Front Robot AI. 2020 Dec 2:7:513004. doi: 10.3389/frobt.2020.513004. eCollection 2020.

Abstract

This paper demonstrates how tactile and proximity sensing can be used to perform automatic mechanical fractures detection (surface cracks). For this purpose, a custom-designed integrated tactile and proximity sensor has been implemented. With the help of fiber optics, the sensor measures the deformation of its body, when interacting with the physical environment, and the distance to the environment's objects. This sensor slides across different surfaces and records data which are then analyzed to detect and classify fractures and other mechanical features. The proposed method implements machine learning techniques (handcrafted features, and state of the art classification algorithms). An average crack detection accuracy of ~94% and width classification accuracy of ~80% is achieved. Kruskal-Wallis results (p < 0.001) indicate statistically significant differences among results obtained when analysing only integrated deformation measurements, only proximity measurements and both deformation and proximity data. A real-time classification method has been implemented for online classification of explored surfaces.
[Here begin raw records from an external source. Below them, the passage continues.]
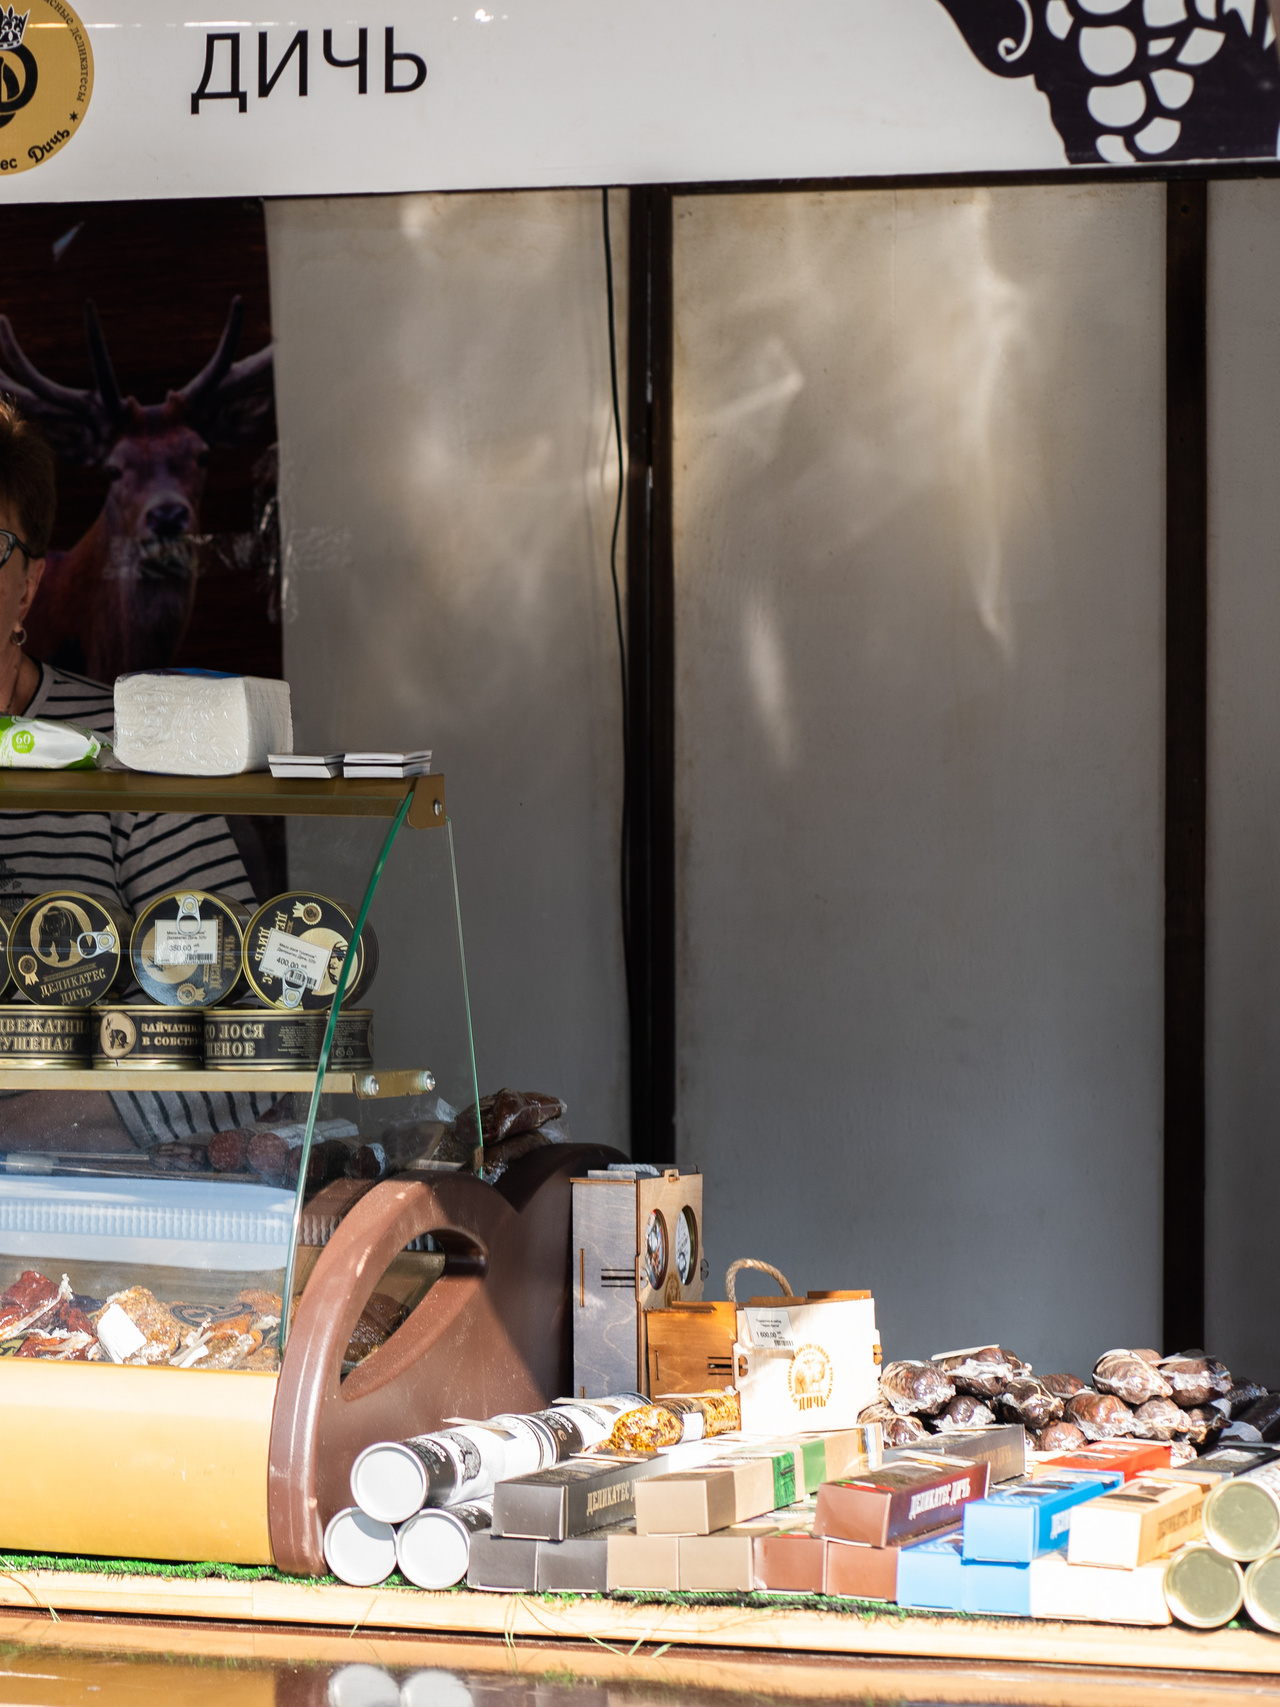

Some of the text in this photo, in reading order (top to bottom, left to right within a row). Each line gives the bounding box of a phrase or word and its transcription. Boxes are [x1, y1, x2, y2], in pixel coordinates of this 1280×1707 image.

[191, 26, 428, 115] ДИЧЬ
[27, 128, 71, 164] Дичь
[15, 733, 31, 745] 60
[276, 957, 299, 969] 400,00
[40, 967, 107, 998] ДЕЛИКАТЕС
[60, 987, 92, 1005] ДИЧЬ
[141, 1036, 150, 1045] В
[219, 1023, 265, 1040] ЛОСЯ
[798, 1395, 827, 1411] ДИЧЬ
[586, 1481, 630, 1517] ДЕЛИКАТЕС
[908, 1477, 971, 1521] ДЕЛИКАТЕС ДИЧЬ
In contrast to previous techniques, which mainly rely on visual modality, the proposed approach based on optical fibers might be more suitable for operation in extreme environments (such as nuclear facilities) where radiation may damage electronic components of commonly employed sensing devices, such as standard force sensors based on strain gauges and video cameras.

Keywords: crack recognition; extreme environment; fiber-optics; haptic exploration; optical sensing; sensing.